**** INFORMATION SHOWN ****
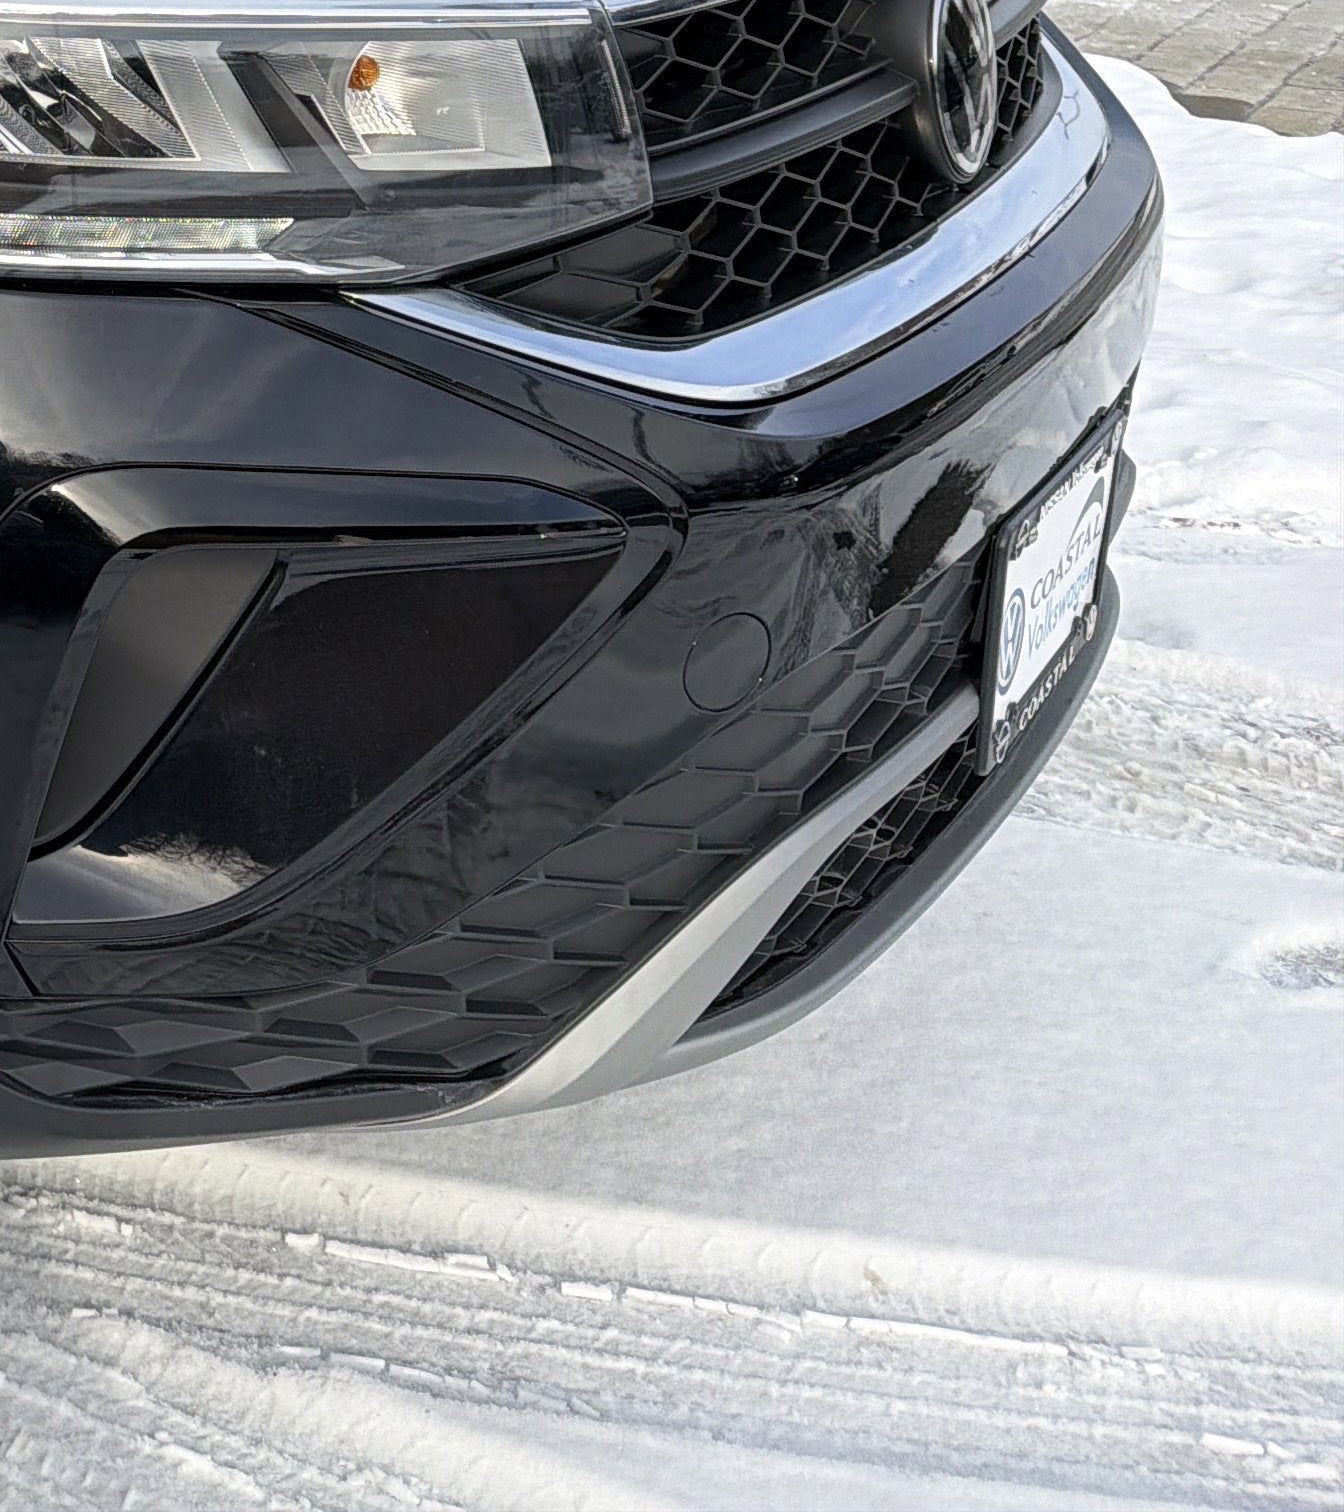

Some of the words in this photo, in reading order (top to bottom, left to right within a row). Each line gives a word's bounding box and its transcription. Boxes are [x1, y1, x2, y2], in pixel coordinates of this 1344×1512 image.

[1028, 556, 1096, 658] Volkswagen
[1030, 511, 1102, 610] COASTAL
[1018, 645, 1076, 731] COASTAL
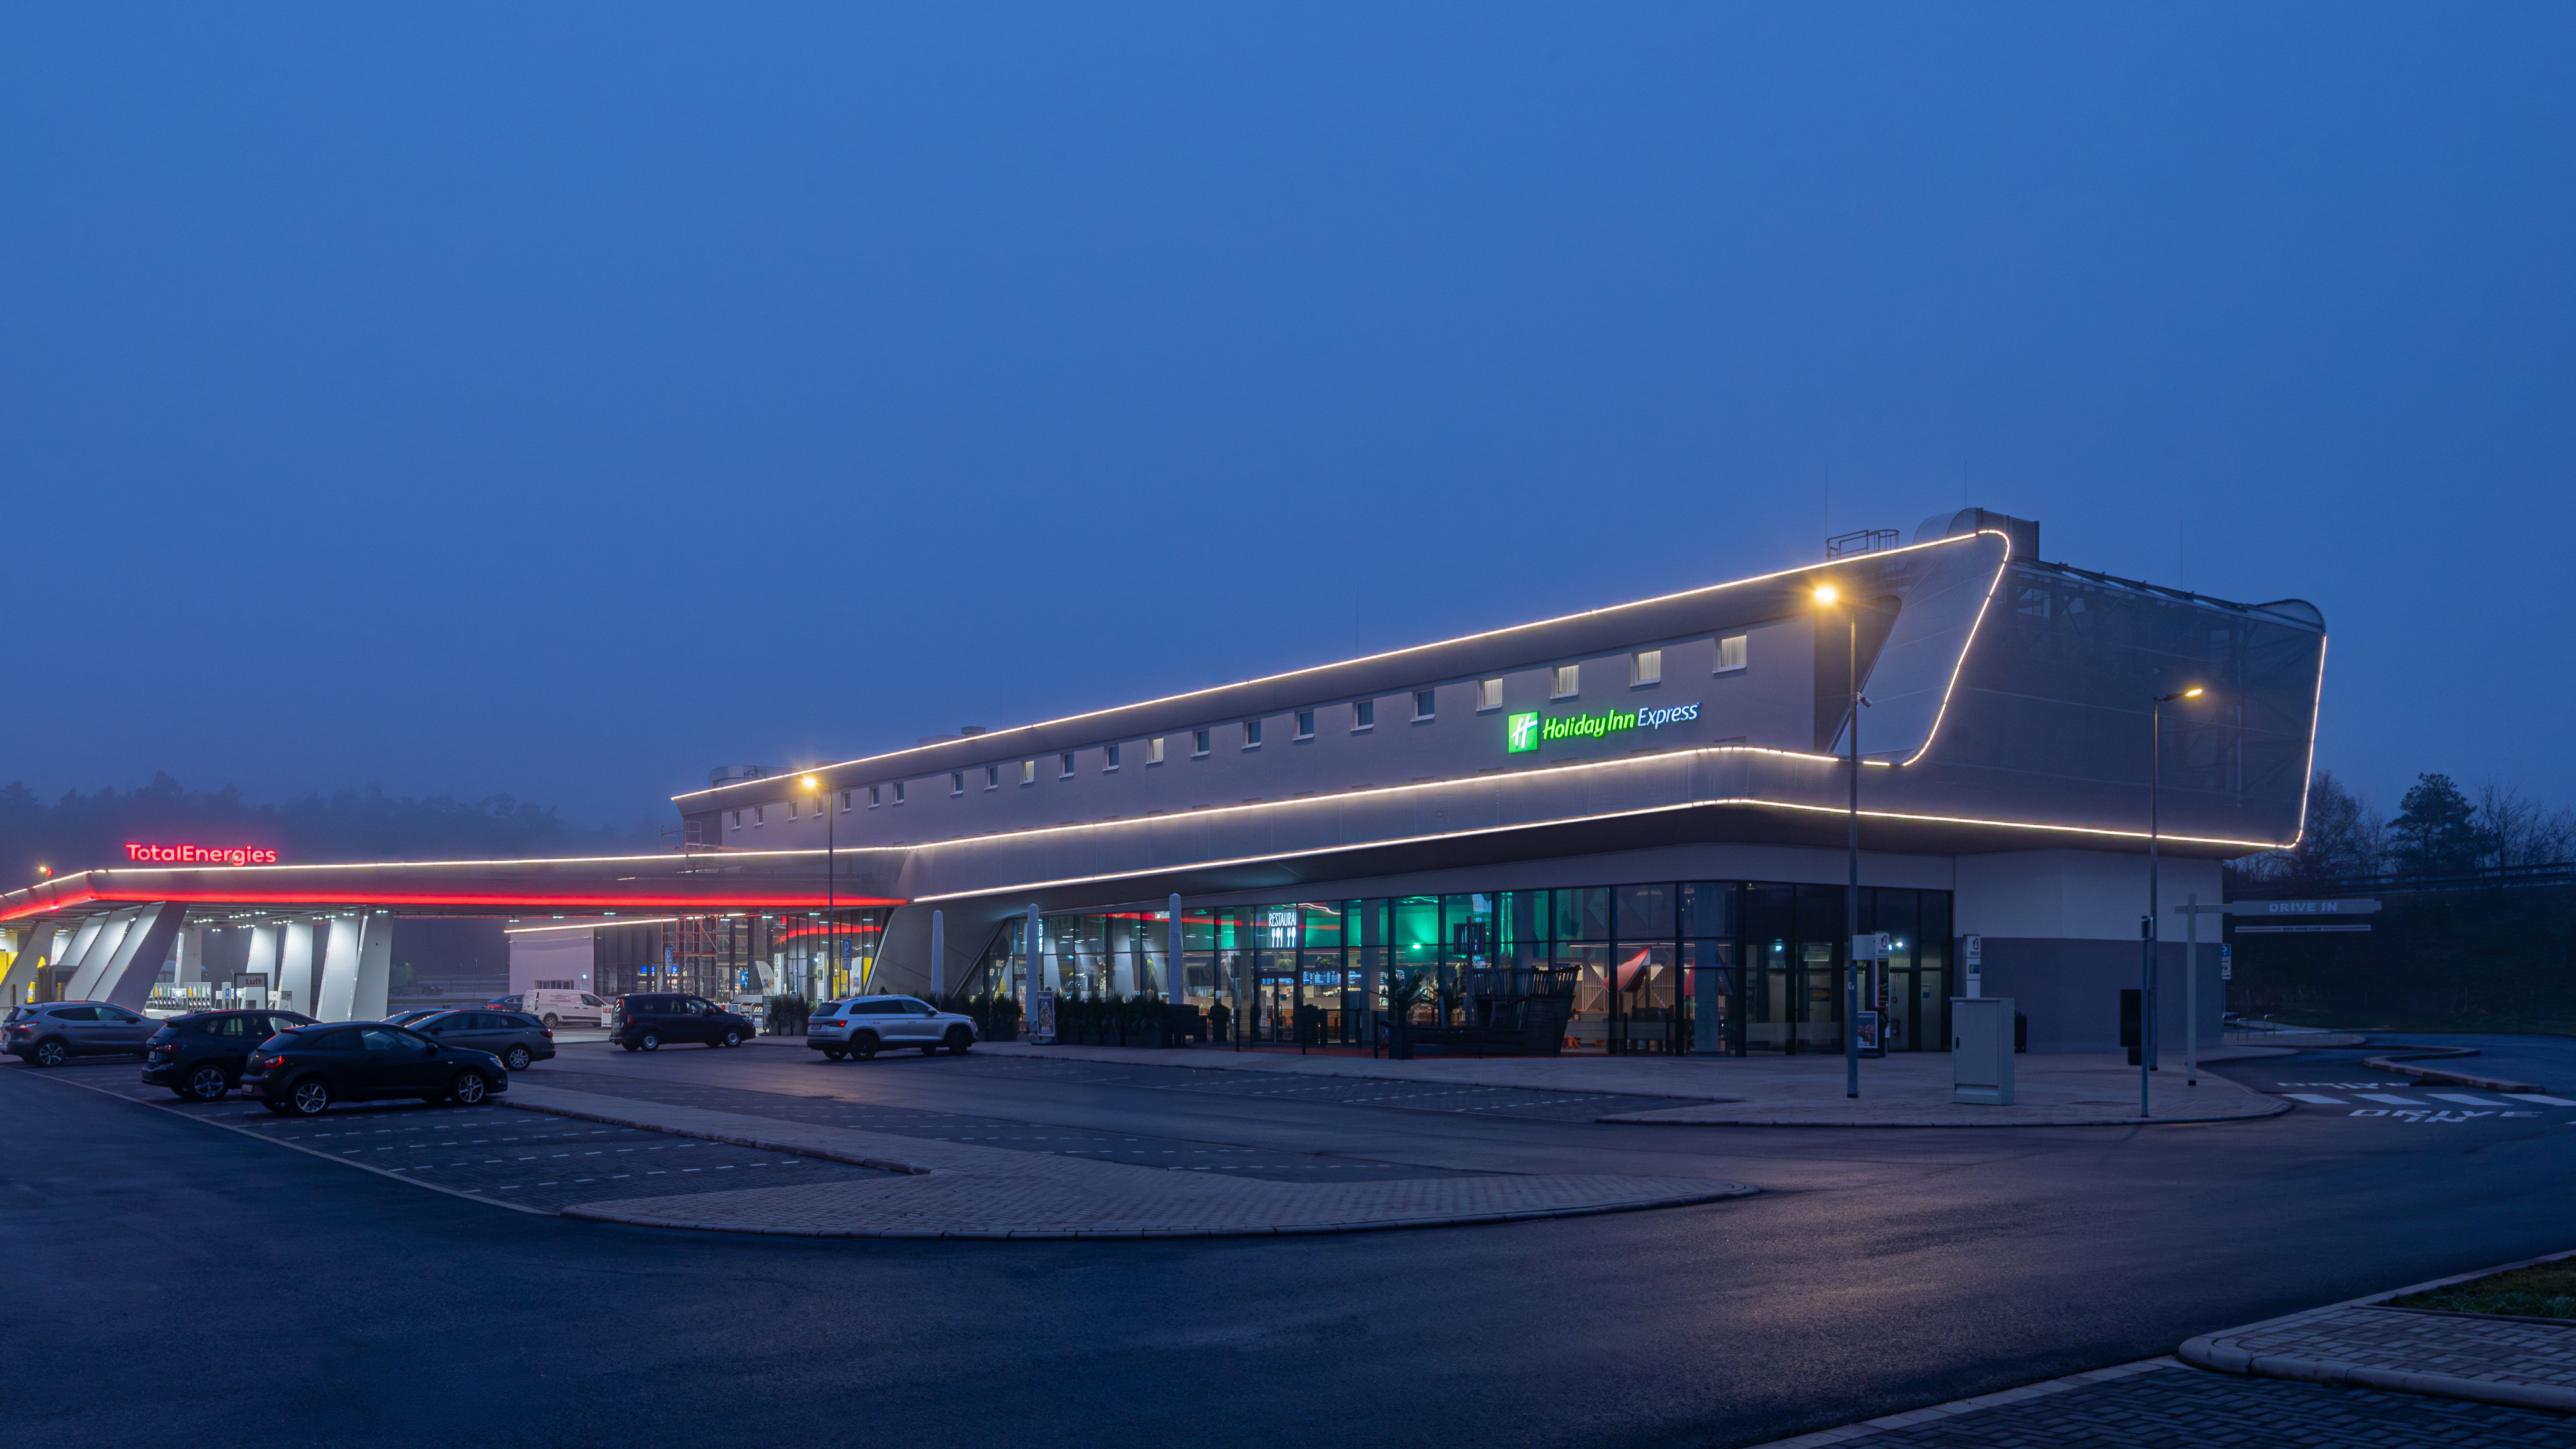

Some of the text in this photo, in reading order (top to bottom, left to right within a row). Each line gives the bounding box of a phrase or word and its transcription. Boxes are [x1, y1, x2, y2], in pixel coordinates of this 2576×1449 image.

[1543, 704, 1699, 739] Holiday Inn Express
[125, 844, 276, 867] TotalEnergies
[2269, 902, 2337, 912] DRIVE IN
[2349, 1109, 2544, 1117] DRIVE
****
Please write out all the data word for word, but keep every picture out.

Some of the words in this photo, in reading order (top to bottom, left to right within a row). Each line gives a word's bounding box and its transcription. Boxes are [x1, y1, x2, y2], in pixel coordinates of this 1344×1512 image.

[1028, 556, 1096, 658] Volkswagen
[1030, 511, 1102, 610] COASTAL
[1018, 645, 1076, 731] COASTAL

Some of the text in this photo, in reading order (top to bottom, left to right within a row). Each line gives the bounding box of a phrase or word and its transcription. Boxes are [x1, y1, x2, y2], in pixel coordinates of this 2576×1449 image.

[1543, 704, 1699, 739] Holiday Inn Express
[125, 844, 276, 867] TotalEnergies
[2269, 902, 2337, 912] DRIVE IN
[2349, 1109, 2544, 1117] DRIVE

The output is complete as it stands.